I heard them at a store that later had DW develop a speaker line for them and the dealer then dropped the Beveridge line.
You certainly could put it that way. 2SW, which was and still is the best Bev ever to reach anything approaching widespread use, was limited in bass and did have its issues with subwoofer.
DW ( Dayton Wright ) was/is a very capable firm, unfortunately never heard any of their products.
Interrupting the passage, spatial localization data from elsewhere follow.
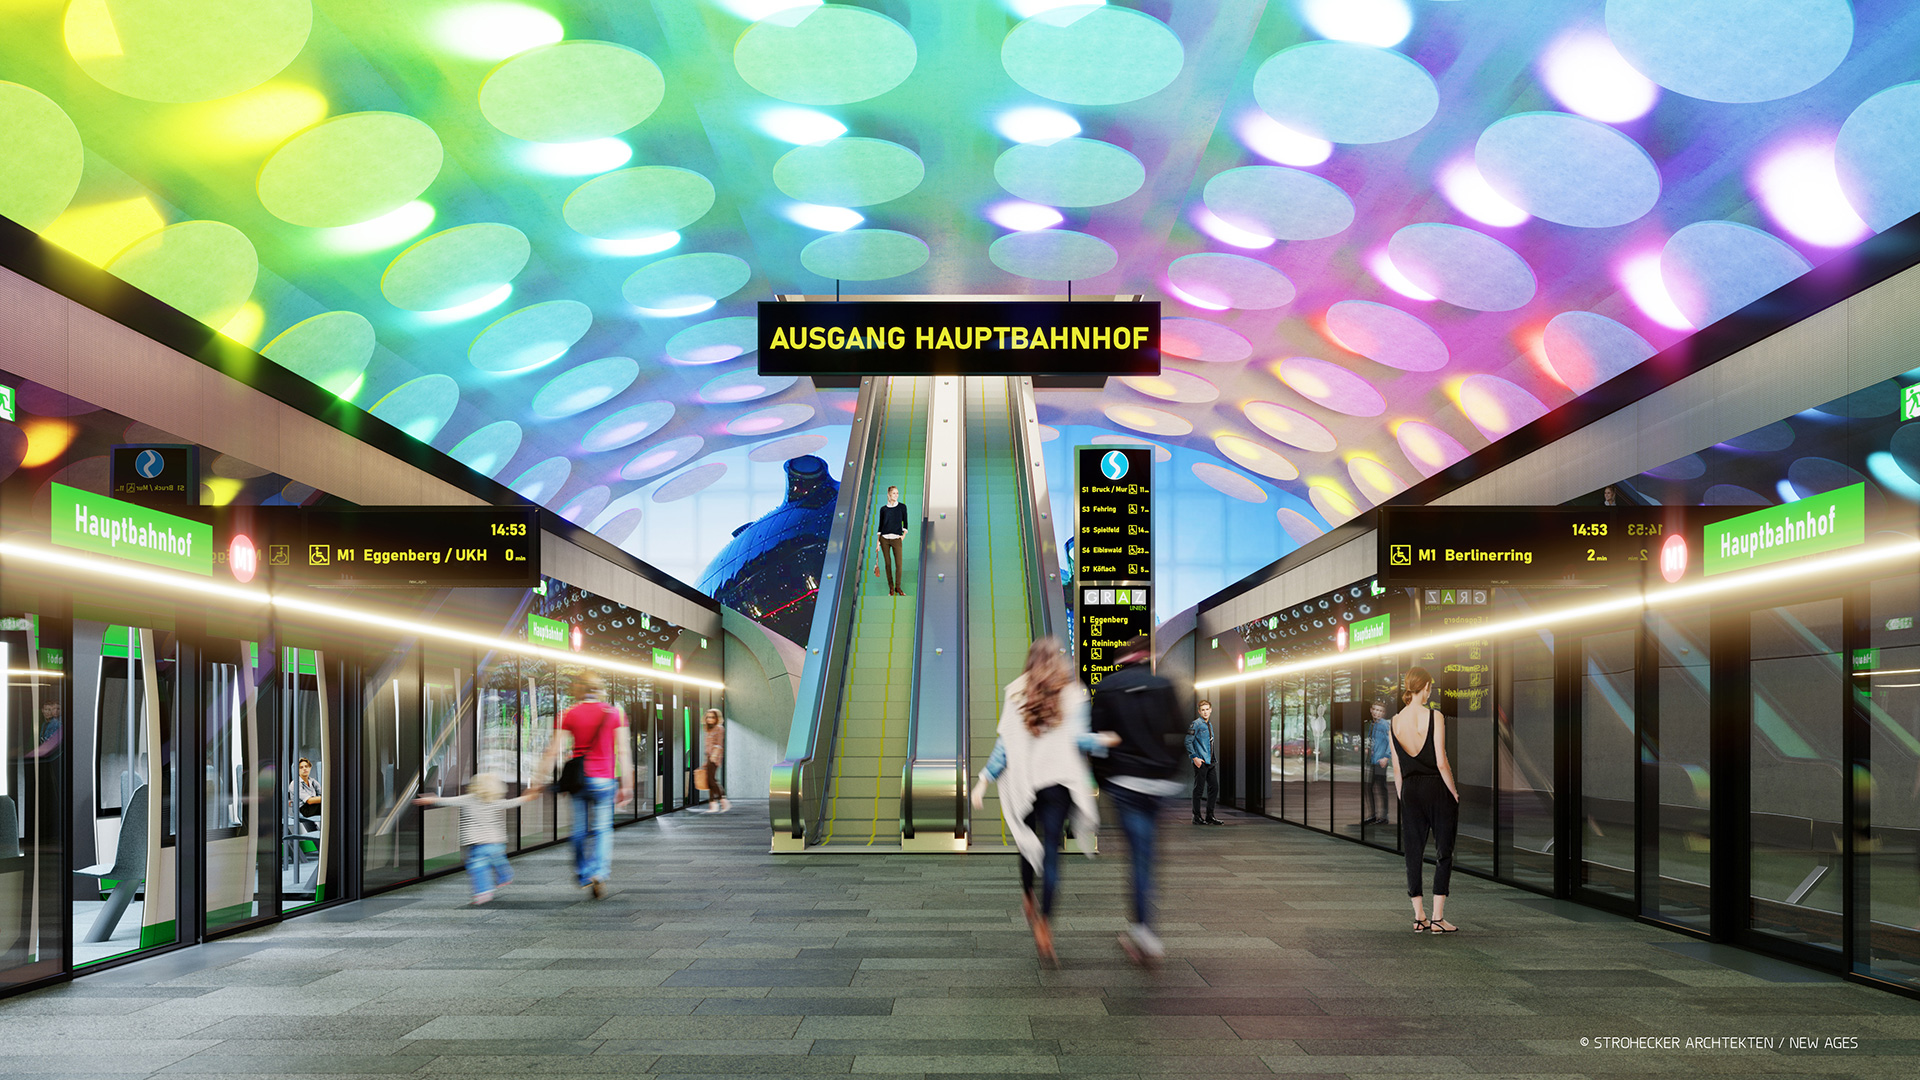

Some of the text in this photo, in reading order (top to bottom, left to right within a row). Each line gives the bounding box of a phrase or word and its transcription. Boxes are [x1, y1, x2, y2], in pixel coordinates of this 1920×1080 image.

[769, 327, 1149, 350] AUSGANG HAUPTBAHNHOF
[1093, 505, 1117, 514] Fehring
[75, 503, 192, 557] Hauptbahnhof
[491, 523, 527, 536] 14:53
[1093, 526, 1120, 534] Spielfeld
[1572, 523, 1608, 536] 14:53
[1720, 505, 1836, 558] Hauptbahnhof
[234, 544, 254, 572] M1
[337, 548, 355, 561] M1
[363, 548, 441, 564] Eggenberg
[444, 547, 453, 563] /
[456, 548, 487, 561] UKH
[505, 548, 514, 561] 0
[1418, 548, 1436, 561] M1
[1445, 548, 1533, 564] Berlinerring
[1587, 548, 1595, 561] 2
[1665, 544, 1684, 572] M1
[1085, 590, 1145, 604] GRAZ
[1089, 616, 1129, 625] Eggenberg
[1082, 639, 1088, 647] 4
[1082, 664, 1088, 672] 6
[1091, 664, 1114, 672] Smart
Fast forward to present day - Bev One should be capable of reasonable SPLs in bass - with unheard of precision. And if you really require bass non plus ultra, there is always Eminent Technology rotary sub woofer - which no other technology can match. Together, they should make up the ultimate speaker system. If properly mounted/positioned/adjusted. Not likely to happen for me in this lifetime, I am afraid. Compared to the sum of money required to assemble such a system, ANY headphone is a very inexpensive way out. And if you do not have dedicated listening room, far more rational decision - what good is a speaker that is let down by the room it is positioned in ?
Bev has for an ESL very unusual placement requirements, that usually go in its favour. They are positioned against the wall, preferably the longer one of the room - not away from anything as usually required by dipole radiators, which is 99% of all ESLs. Can play also in small(ish) rooms - with the exception of Quad 63, any large(r) ESL requires BIG room (>50 m square) in order to start to sing. It was amusing but not funny to hear Acoustat Monitor ( larger version of the original Acoustat X with one additional panel and same high voltage tube amp ) first in BIG room ( georgeus ) and then in
normal sized smaller room - funeral. Due to lack of such big room, I dropped ESLs (and other full range dipoles) as potential candidates, but Bev is another story. Who knows, perhaps one day...
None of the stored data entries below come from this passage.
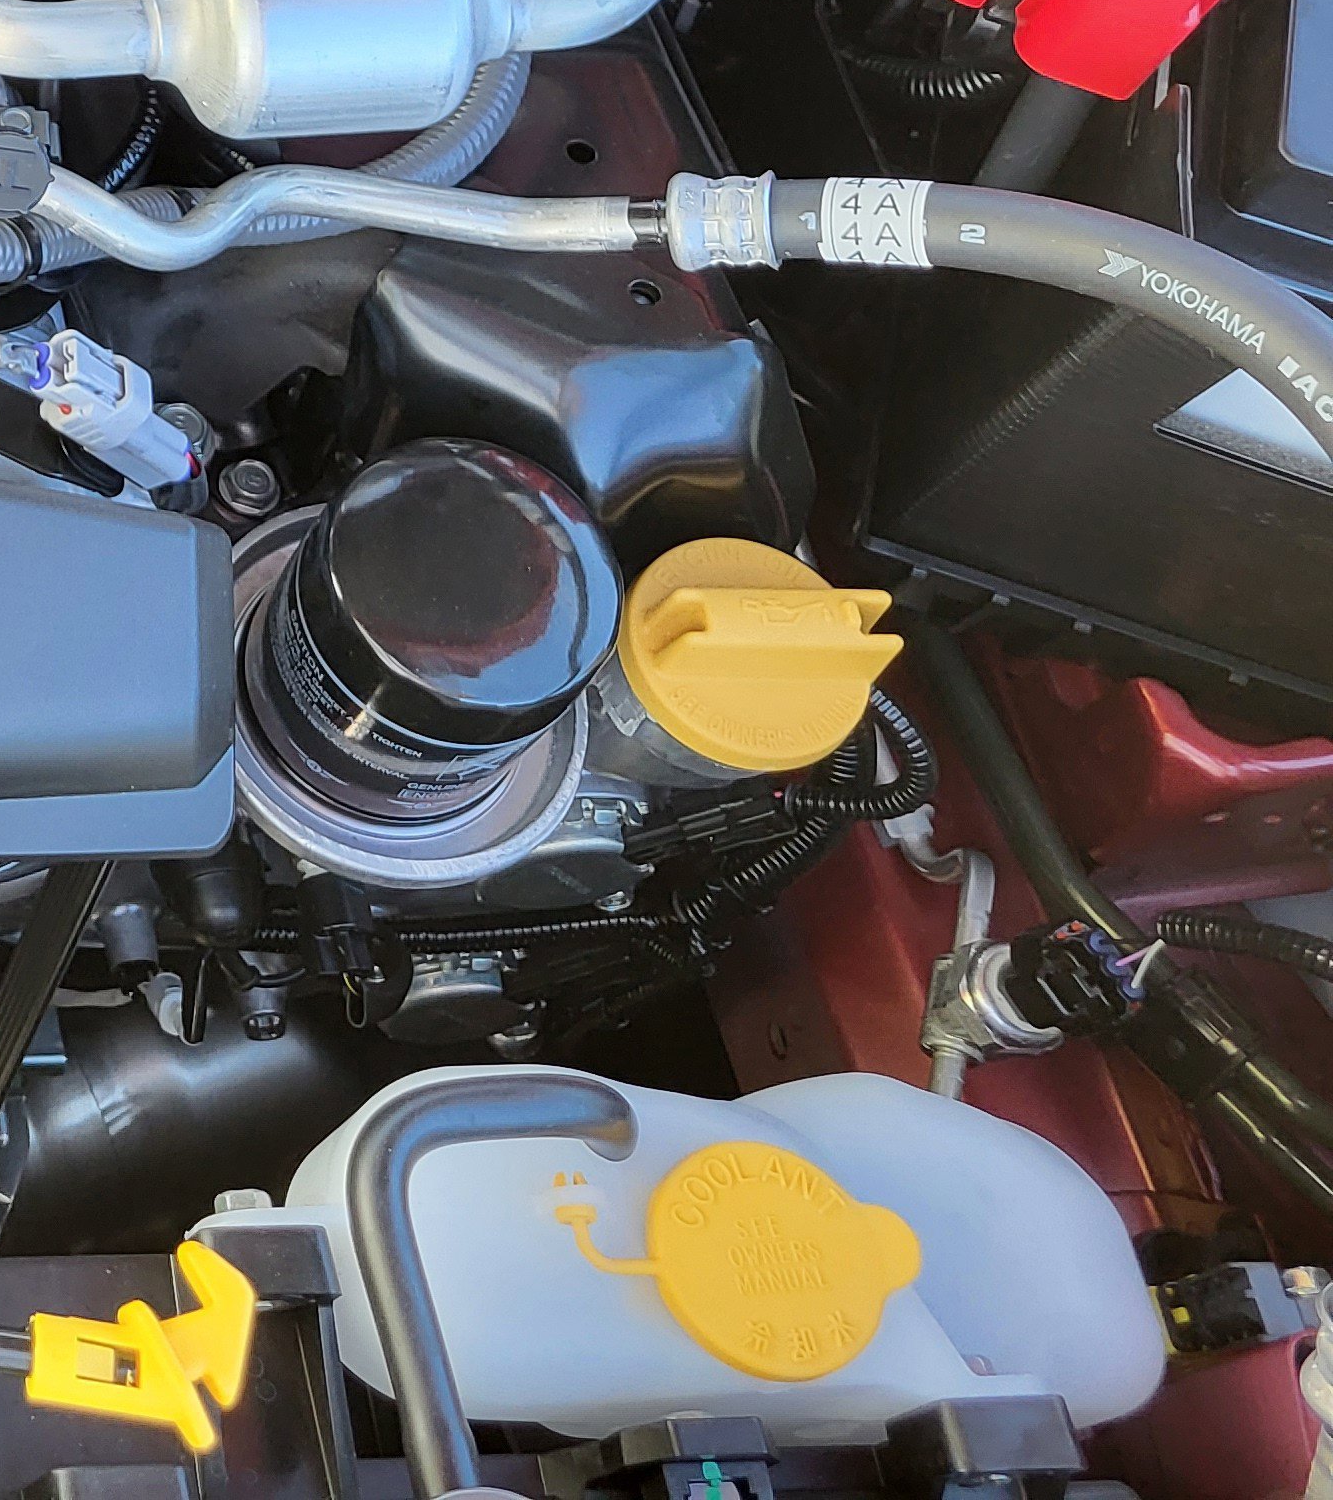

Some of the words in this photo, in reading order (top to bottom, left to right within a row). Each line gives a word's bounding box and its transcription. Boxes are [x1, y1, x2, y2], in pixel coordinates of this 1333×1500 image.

[959, 222, 986, 245] 2
[1140, 263, 1267, 355] YOKOHAMA
[290, 609, 325, 682] CAUTION
[371, 730, 423, 758] TIGHTEN
[671, 1152, 848, 1229] COOLANT
[735, 1215, 780, 1240] SEE
[727, 1240, 822, 1268] OWNERS
[735, 1266, 827, 1296] MANUAL
[744, 1310, 856, 1363] 冷却水
Since this is a Stax thread - I only saw Stax ESLs at fair, never got to hear them. They were unpopular due to even for ESL very low efficiency and hence requirement for high quality high powered amps = read very expensive, even in ESL arena.. But those who did hear this combo all said they were/are up with the best - if your listening levels are moderate.
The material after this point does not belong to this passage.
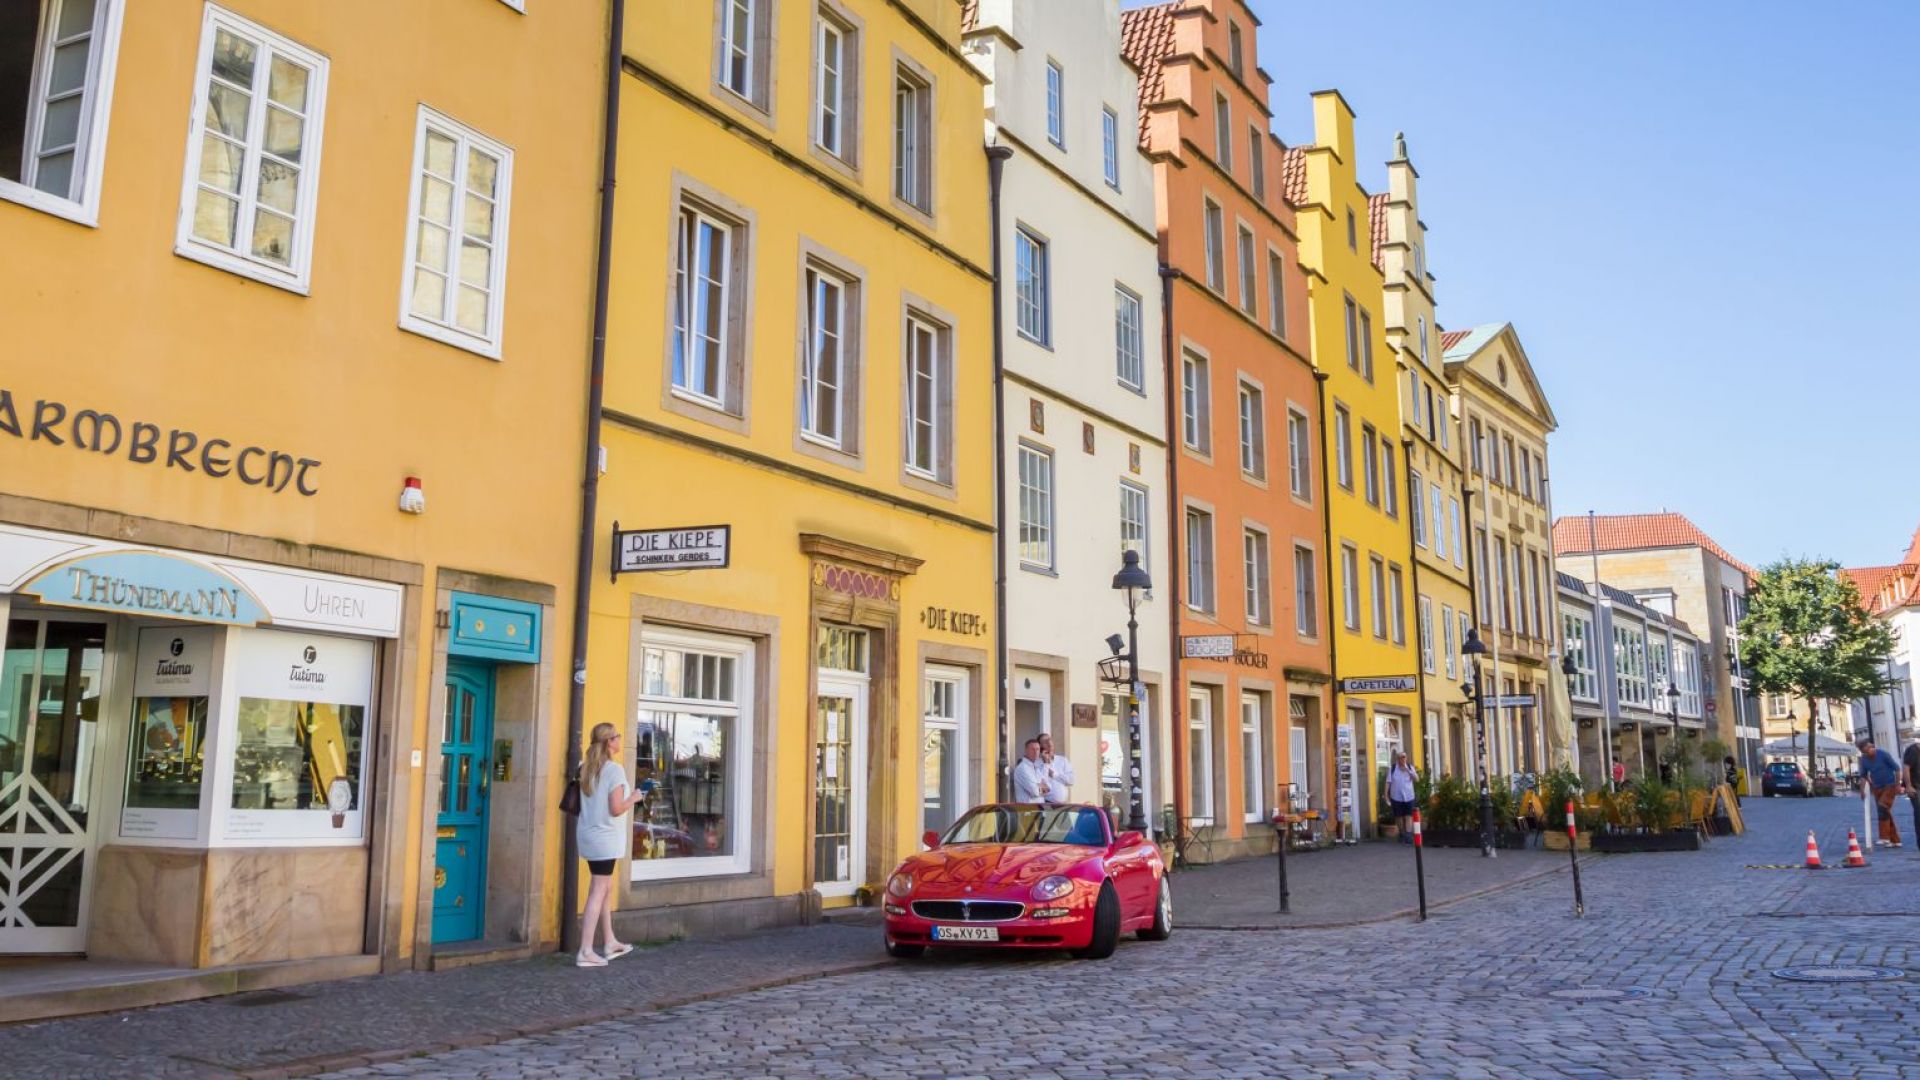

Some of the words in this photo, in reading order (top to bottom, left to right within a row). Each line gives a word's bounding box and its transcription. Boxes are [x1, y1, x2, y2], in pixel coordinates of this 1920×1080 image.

Stax was unique in approach to polarizing voltage or bias - BB suffix meant this was done by batteries ( like several kilovolts for speakers, requiring say 1500 pcs of 3 V cell batteries per speaker ... ) and not usual voltage multiplier circuit that has high ripple and can only be used because of large RC constant ESLs are usually built with. If anyone has first hand experience about sonics of normal powered and battery powered bias of otherwise same Stax model, be it speaker or headphone, please comment.